The place had a lovely balcony, big enough for three people and a hibachi, and my friends and I sat out there a lot, drinking cheap Lucky beer and trying to solve the rebus puzzles that were printed on the bottle caps.

The apartment was packed with cool features: a walk-in closet with drawers, the aforementioned built-ins and maybe most remarkably, a voice tube that allowed me to communicate with someone down below who wanted to be buzzed in. A sort of non-electrical intercom.

I was happy living there and a few months later, after we got married, Jane moved in and things were sort of awkward at first for her, I think. She would ask me things like could she use my skillet for making dinner and where do we keep our towels.

That was 41 years ago, so I don’t remember everything, but surely we must have blundered into acquiring a color TV somewhere along the way—I think it was a workhorse JVC that lasted far longer than it should have. I kept praying it would finally break so we could buy one with a remote control.

We moved out after a few months, making a deeply flawed calculation that the only way to achieve the American Dream was to buy a house, so we bought a little mobile home in Belmont Shores Mobile Estates which we lived in for a few years—and sold for a little less than we paid for it.

Another move to another duplex and then, finally, when our son was 2 a house, and later came a daughter and some dogs. American Dream box checked. How did we afford a house? A five-figure check from my beloved grandmother. White privilege box checked.

But I’ve always had great memories of my first place in my scuffling days. It was a great and quiet place to live, within a short stroll of the coast and, more importantly for a poor kid, even a shorter stroll to Taco Bell.

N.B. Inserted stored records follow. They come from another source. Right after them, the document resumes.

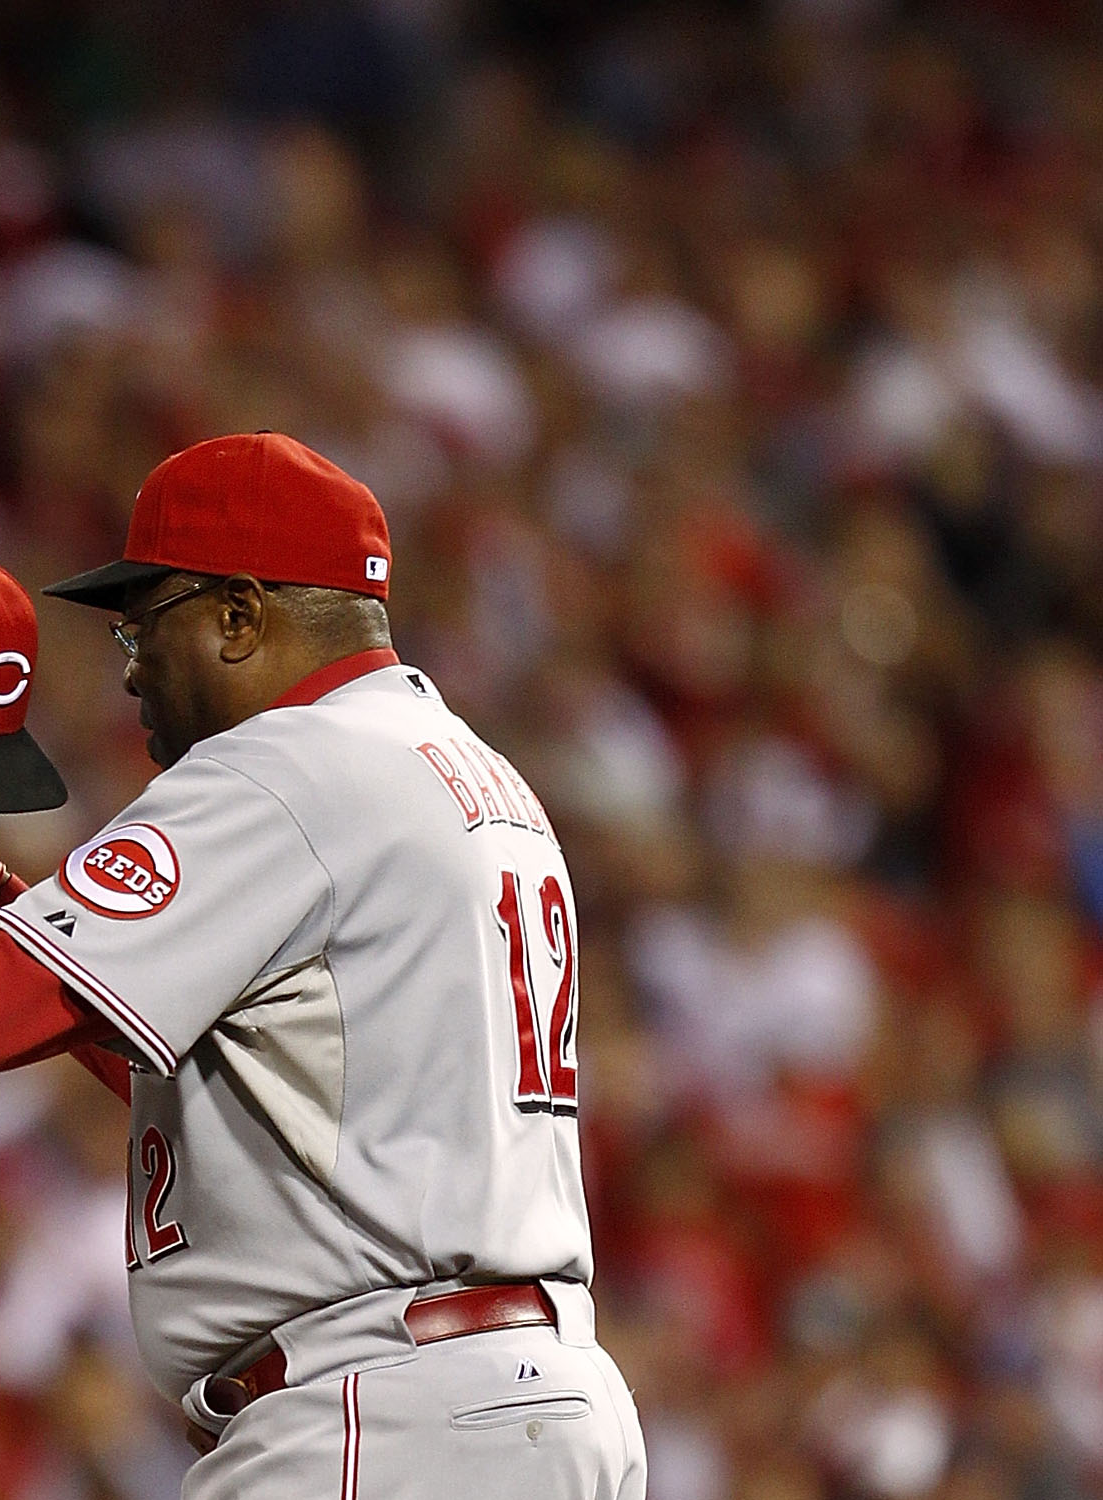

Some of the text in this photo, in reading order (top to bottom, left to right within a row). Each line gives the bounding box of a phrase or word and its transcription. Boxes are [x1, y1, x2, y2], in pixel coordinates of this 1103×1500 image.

[411, 735, 561, 849] BAKE
[84, 846, 172, 905] REDS
[491, 866, 579, 1117] 12
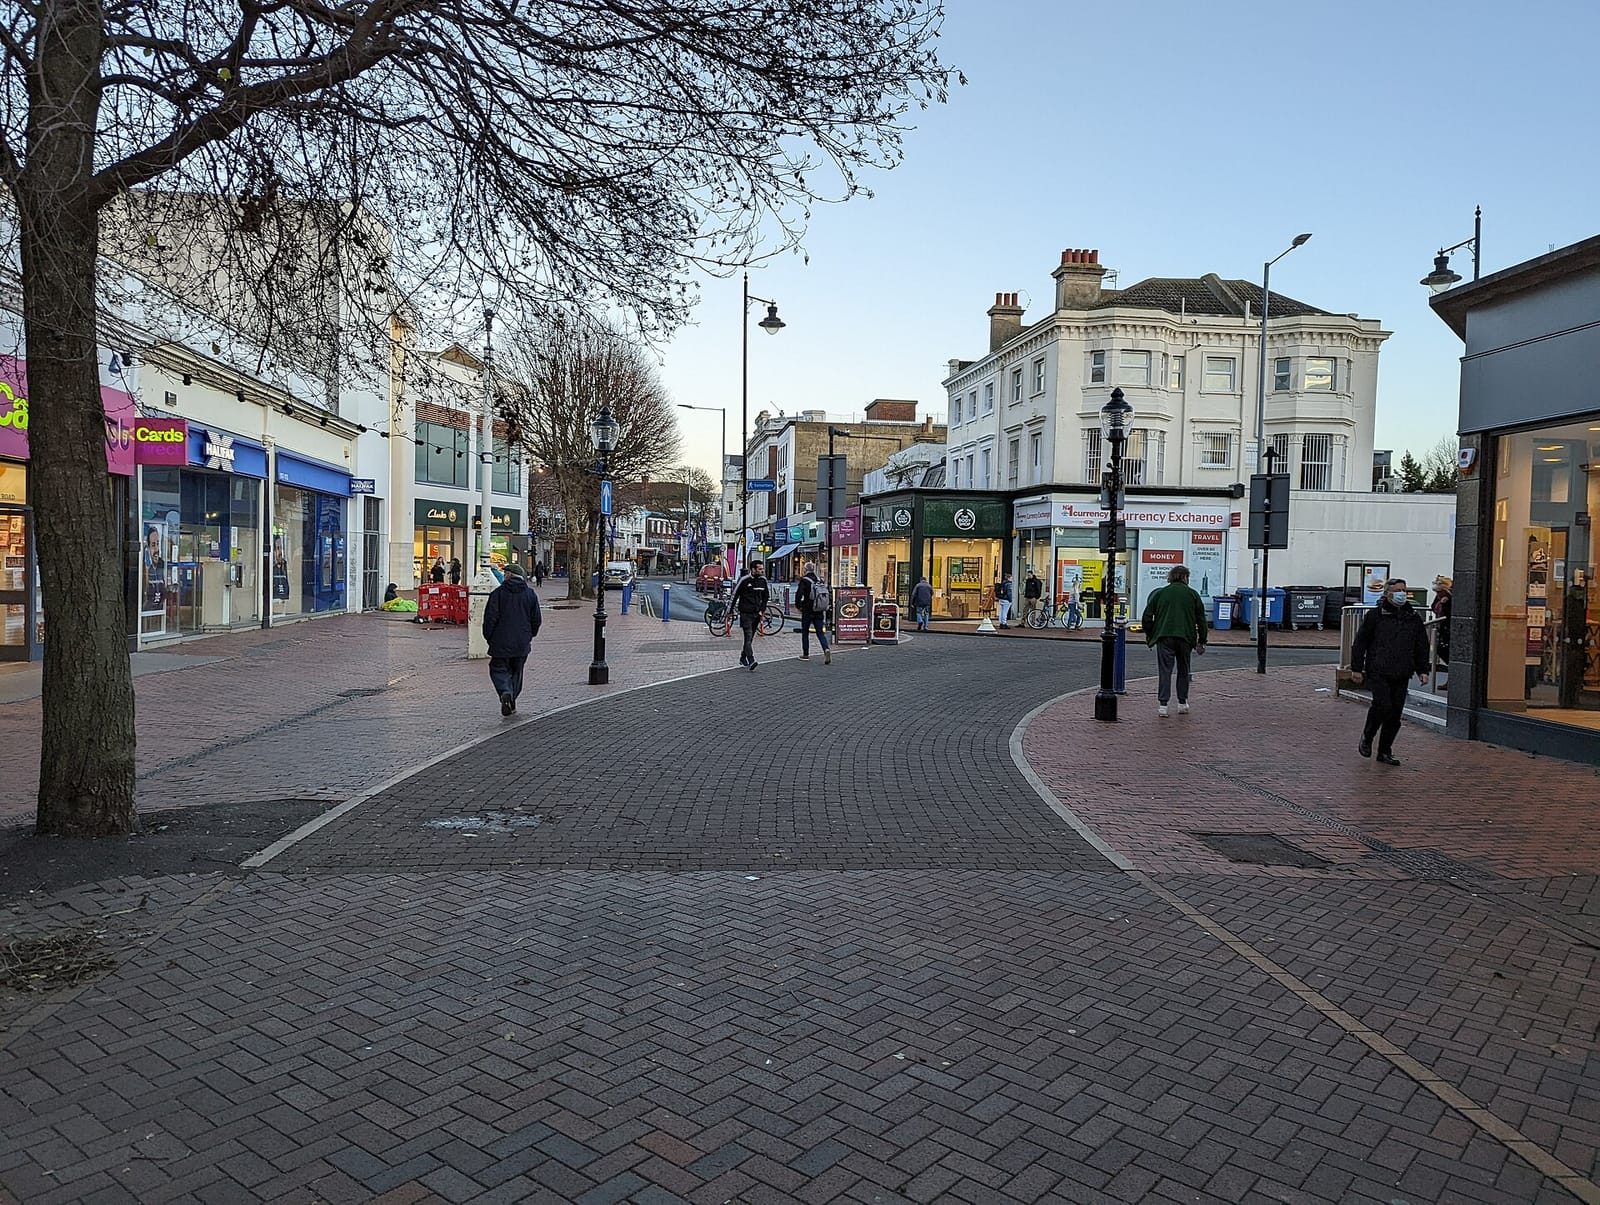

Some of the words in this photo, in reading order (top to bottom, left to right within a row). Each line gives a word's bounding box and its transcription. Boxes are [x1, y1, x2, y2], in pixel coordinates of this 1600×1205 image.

[136, 427, 184, 442] Cards
[139, 443, 181, 455] direct
[206, 442, 235, 461] HALIFAX
[1168, 512, 1223, 525] Exchange
[871, 522, 880, 532] THE
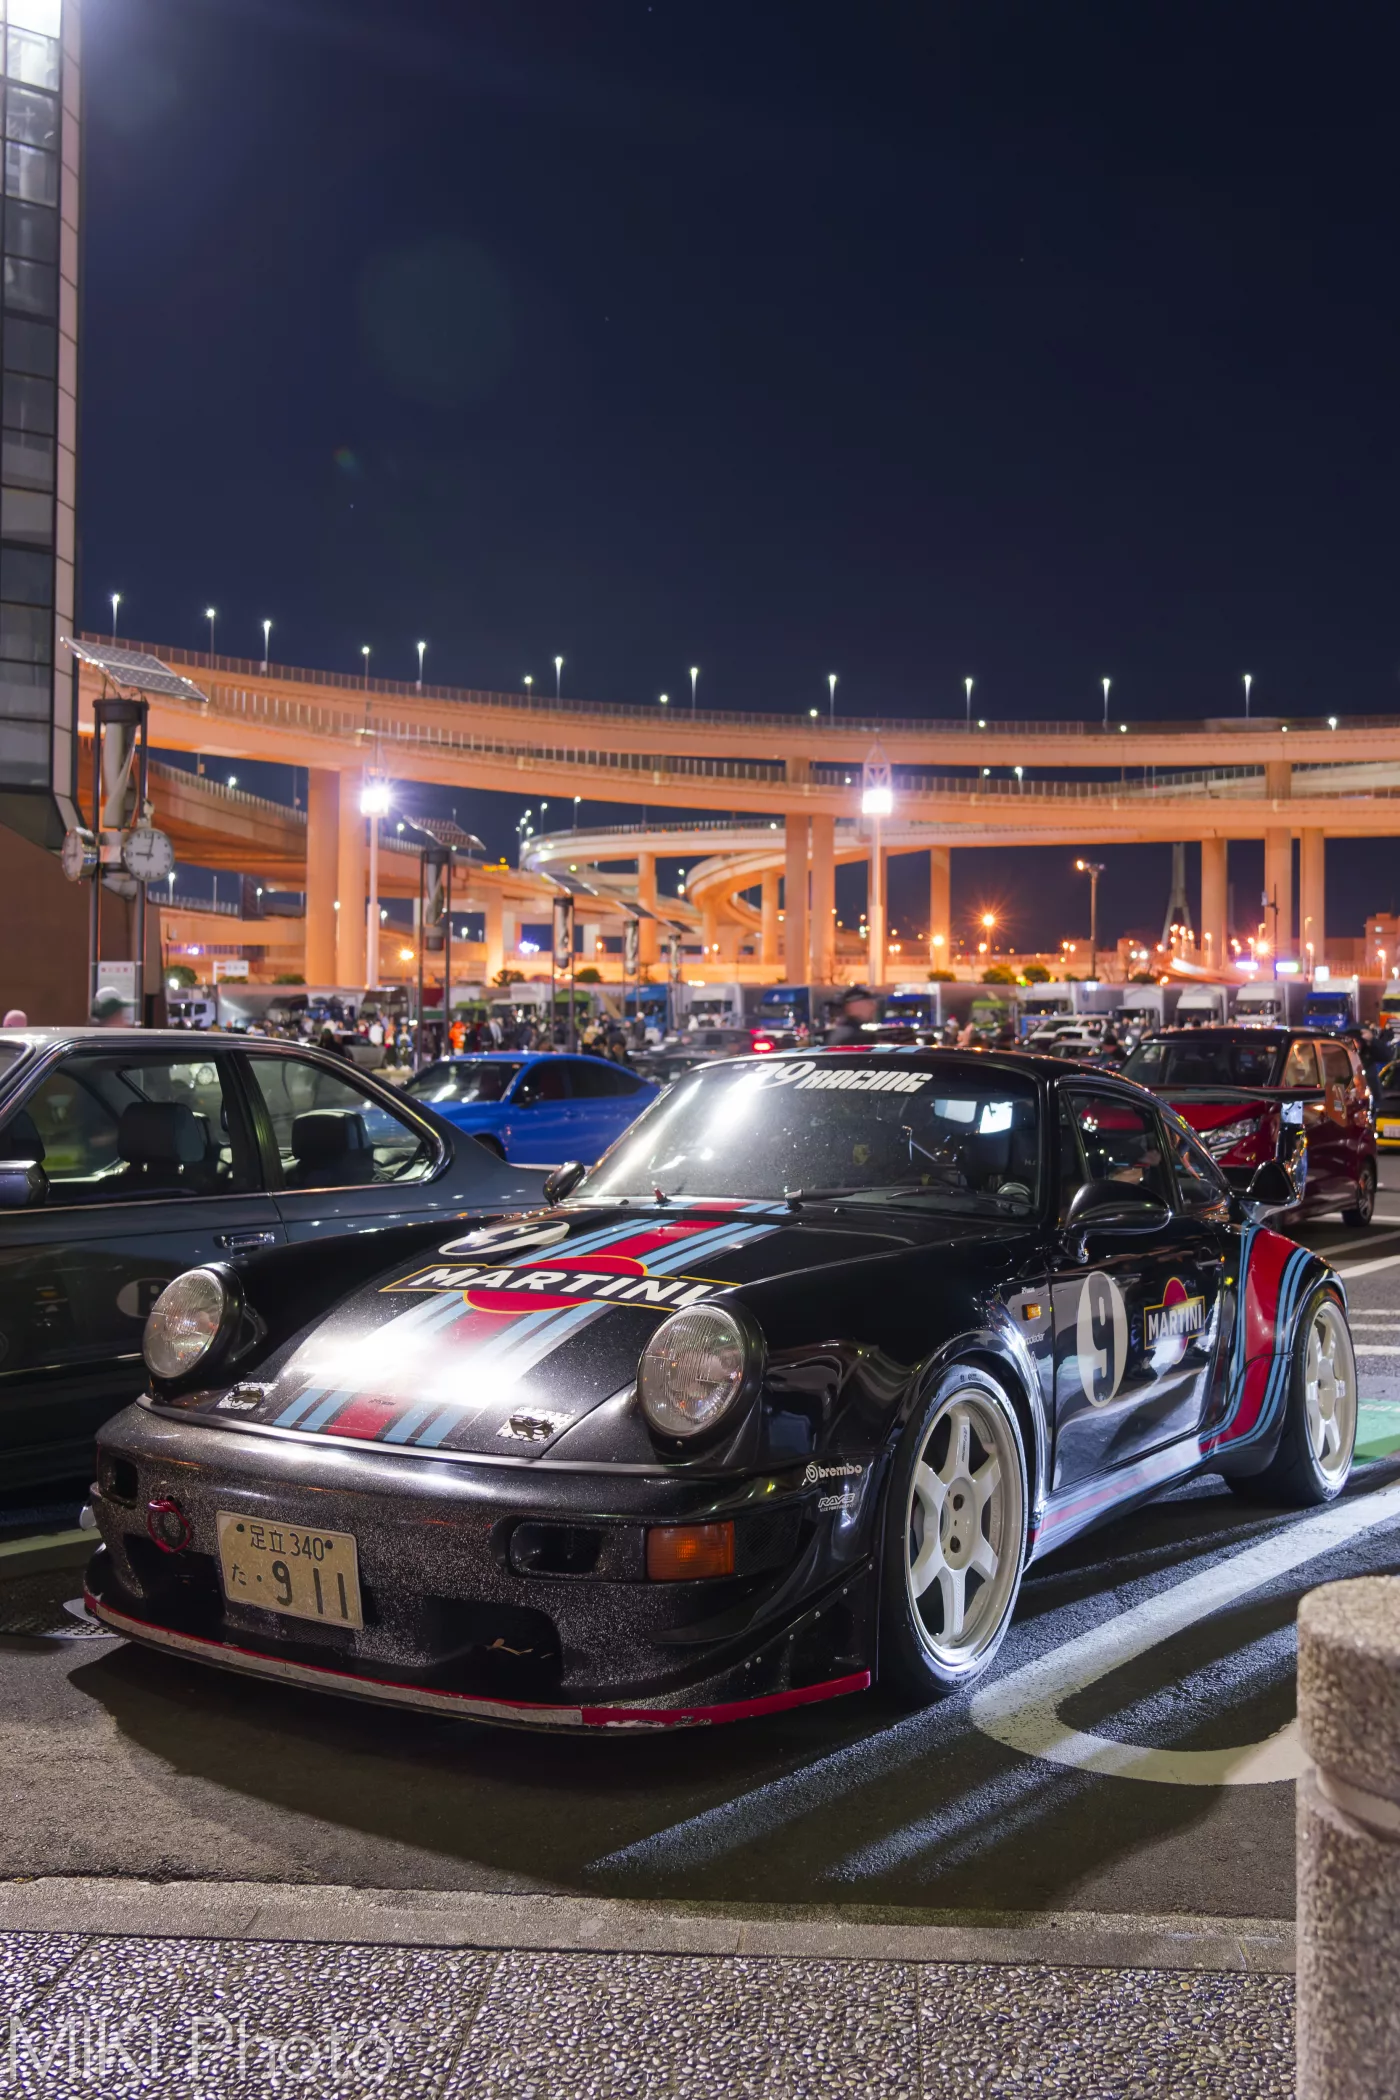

So, when my son told me last week that the duplex is for sale, my first inclination, naturally, was to snap it up, a feeling that quickly dissipated when I saw the $895,000 price tag. I haven’t achieved the part of the American Dream that gives me that kind of walking-around money.

But it was nice to see pictures of the home again and to chat with one of the building’s current owners, Natasha Schultheis, who is also the Realtor listing the property, which is already sold pending contingency.

She and her partner John Eddy had fixed the place up with a remodeled kitchen on the bottom floor, wood flooring and other improvements, including making the top-floor balcony safer, although I’d never felt in danger of toppling from it.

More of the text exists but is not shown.